Find the line containing "Some of the words", then output it and every line after it through the end of the listing below, exactly as written.

Task input »
********************

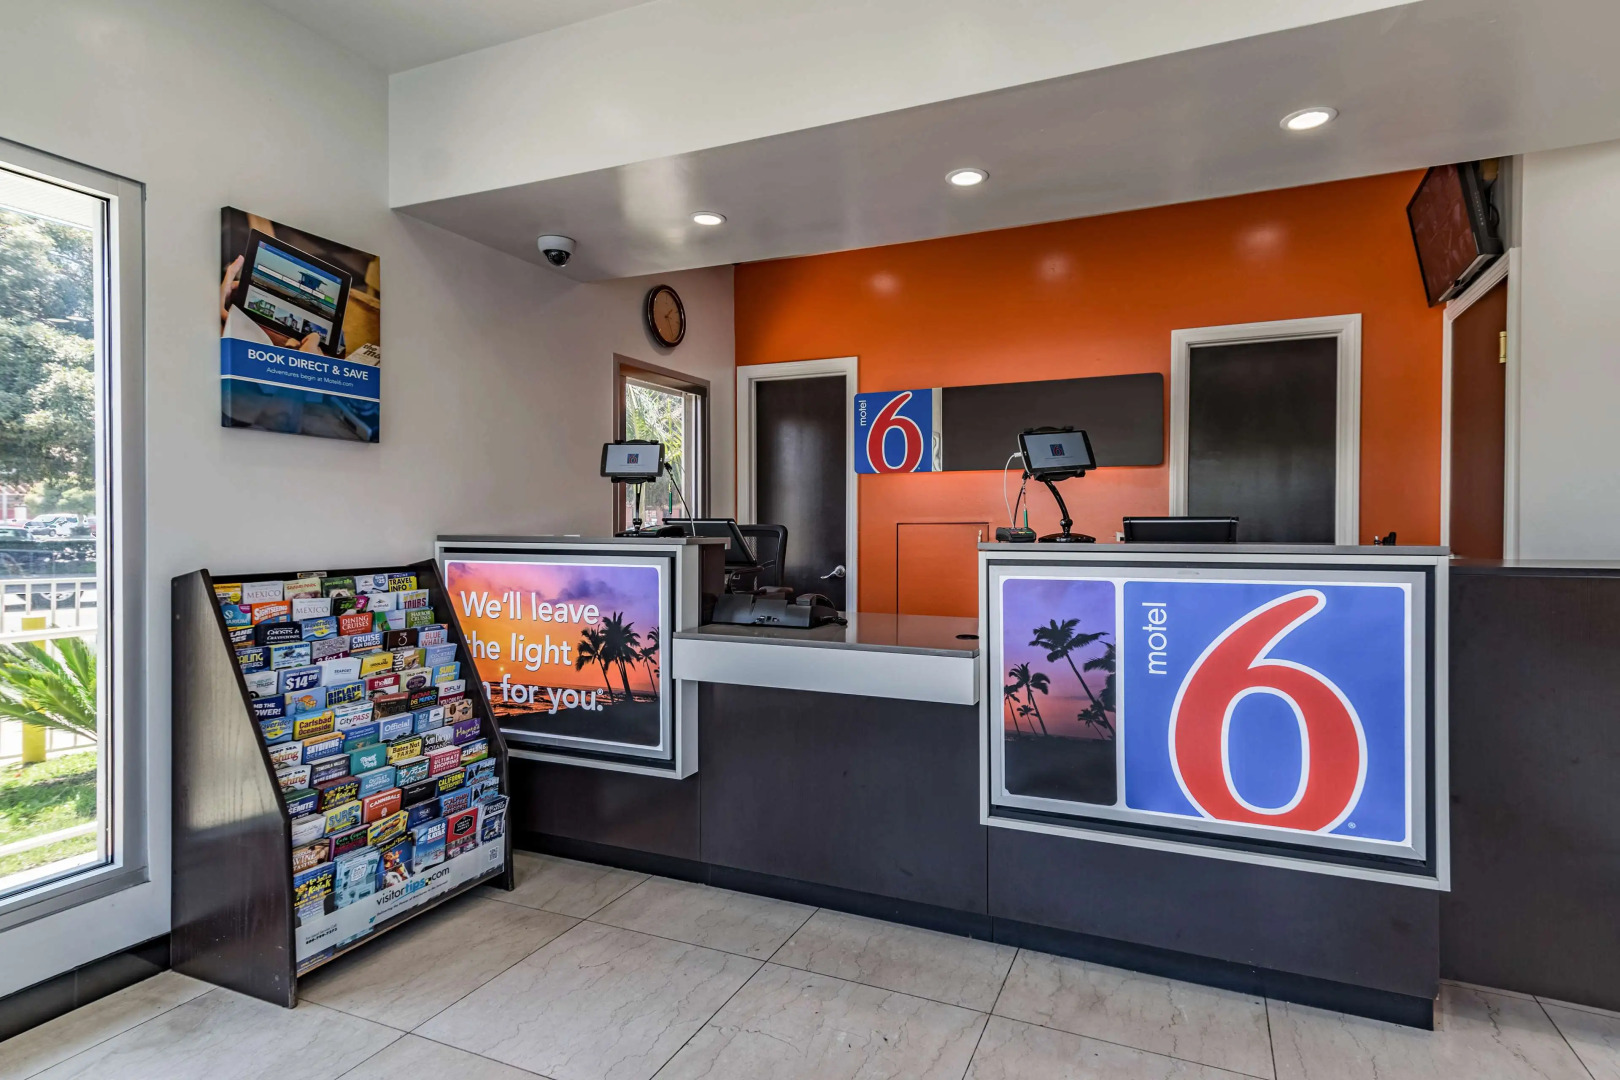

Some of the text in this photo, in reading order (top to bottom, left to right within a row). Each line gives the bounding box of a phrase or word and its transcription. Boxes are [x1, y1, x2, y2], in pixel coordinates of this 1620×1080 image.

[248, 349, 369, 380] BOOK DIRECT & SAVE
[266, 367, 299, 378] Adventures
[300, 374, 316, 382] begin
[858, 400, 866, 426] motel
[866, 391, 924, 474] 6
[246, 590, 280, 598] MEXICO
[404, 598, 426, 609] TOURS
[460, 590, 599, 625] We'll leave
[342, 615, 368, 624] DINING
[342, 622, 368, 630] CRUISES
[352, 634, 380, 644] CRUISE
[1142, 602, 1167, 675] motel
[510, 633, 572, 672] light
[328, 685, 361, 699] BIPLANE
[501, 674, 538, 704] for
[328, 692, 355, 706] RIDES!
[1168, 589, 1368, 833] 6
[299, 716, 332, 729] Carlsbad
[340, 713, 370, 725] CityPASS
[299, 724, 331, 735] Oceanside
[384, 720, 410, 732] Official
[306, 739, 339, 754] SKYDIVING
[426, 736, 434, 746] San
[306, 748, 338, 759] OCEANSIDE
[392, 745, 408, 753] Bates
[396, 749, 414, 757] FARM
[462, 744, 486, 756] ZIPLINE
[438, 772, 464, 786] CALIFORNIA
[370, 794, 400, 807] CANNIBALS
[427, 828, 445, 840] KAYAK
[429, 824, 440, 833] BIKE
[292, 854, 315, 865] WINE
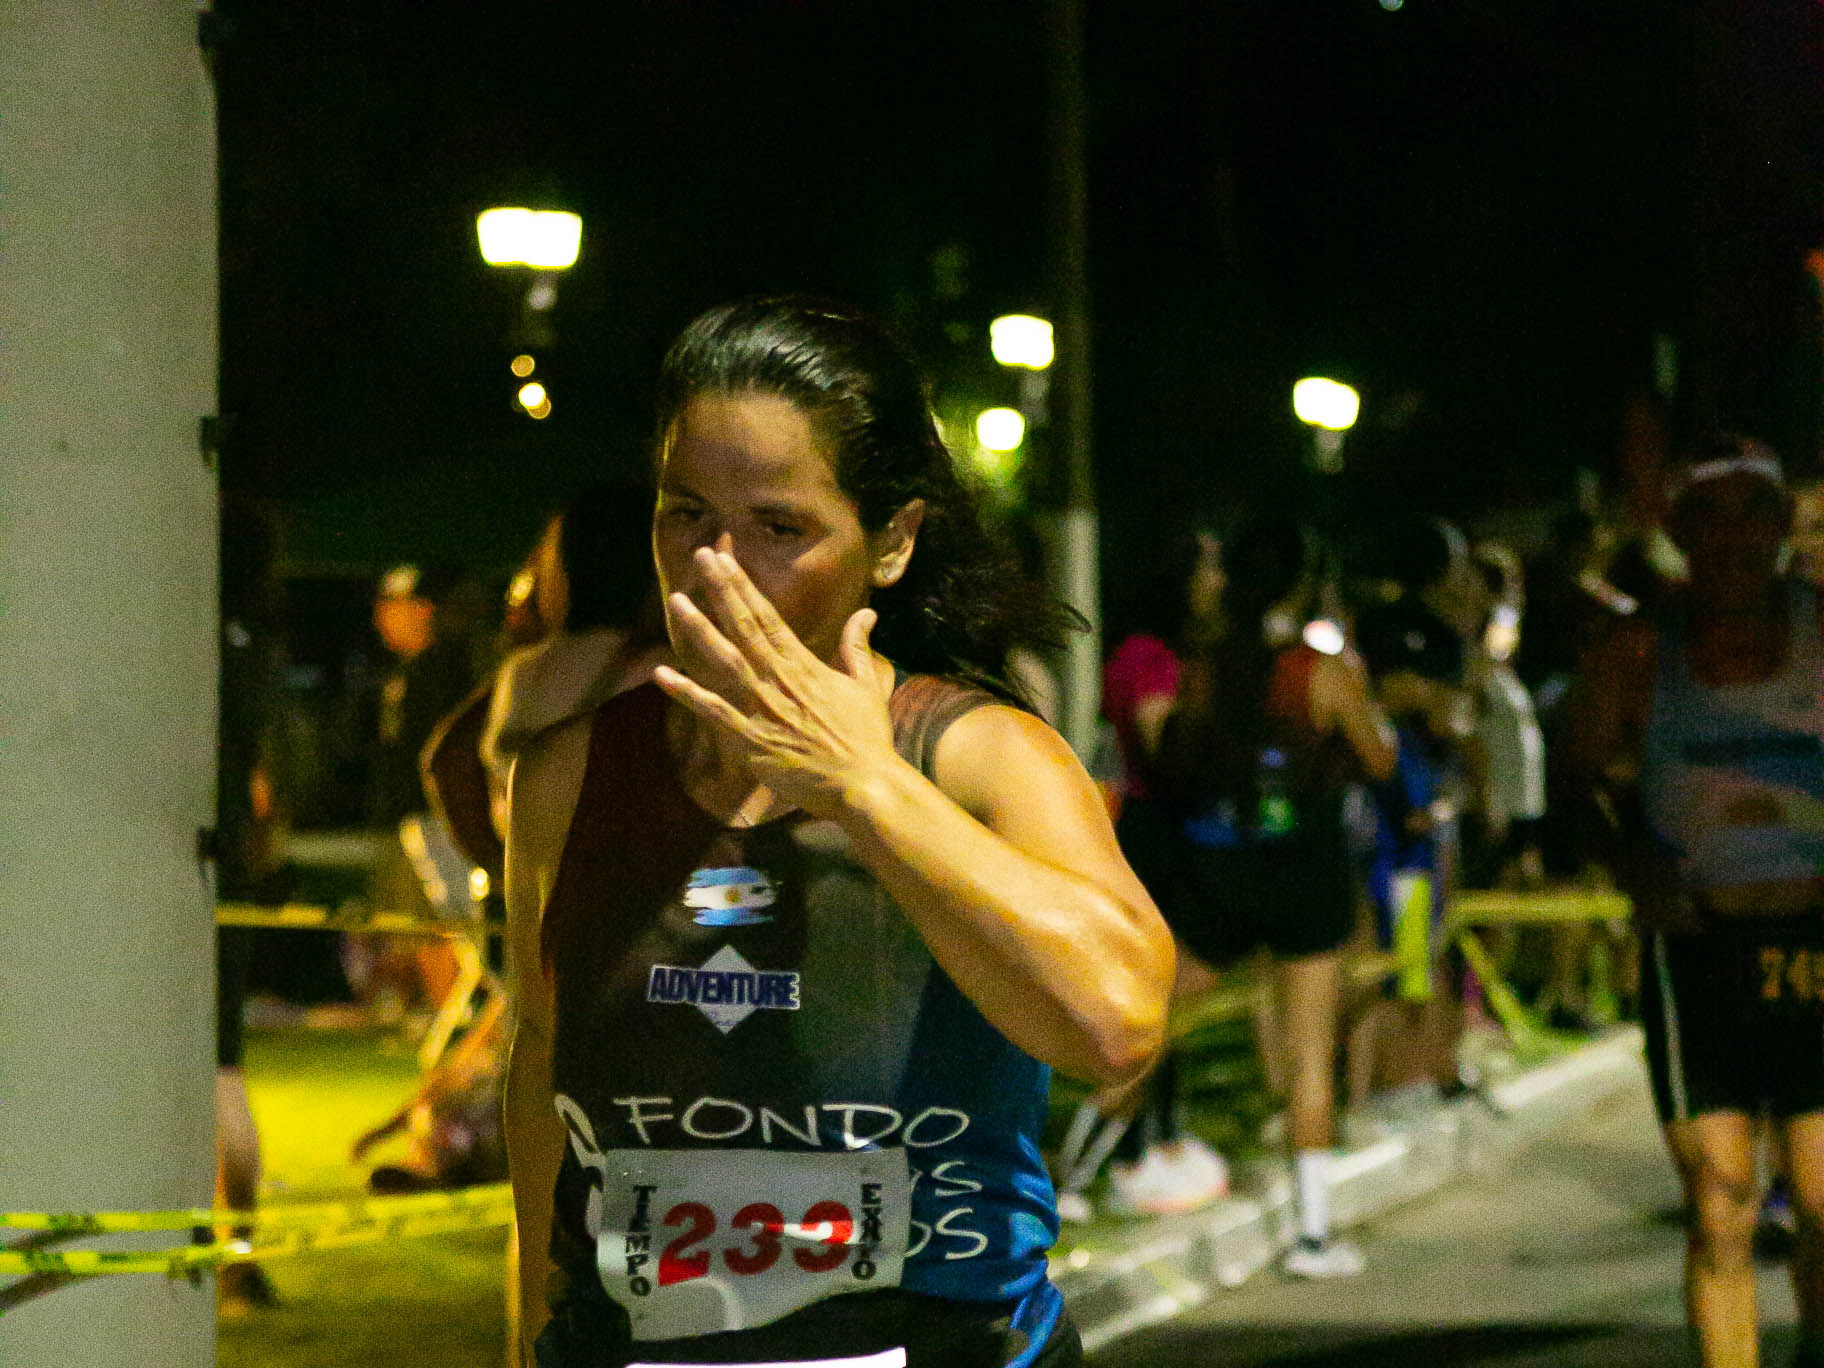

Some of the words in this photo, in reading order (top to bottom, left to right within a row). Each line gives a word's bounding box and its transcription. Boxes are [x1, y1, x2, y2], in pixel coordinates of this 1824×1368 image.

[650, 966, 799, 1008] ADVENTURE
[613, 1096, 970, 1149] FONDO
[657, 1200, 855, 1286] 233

********************

Written response »
Some of the words in this photo, in reading order (top to bottom, left to right within a row). Each line gives a word's bounding box and its transcription. Boxes are [x1, y1, x2, y2], in pixel coordinates of this 1824×1368 image.

[650, 966, 799, 1008] ADVENTURE
[613, 1096, 970, 1149] FONDO
[657, 1200, 855, 1286] 233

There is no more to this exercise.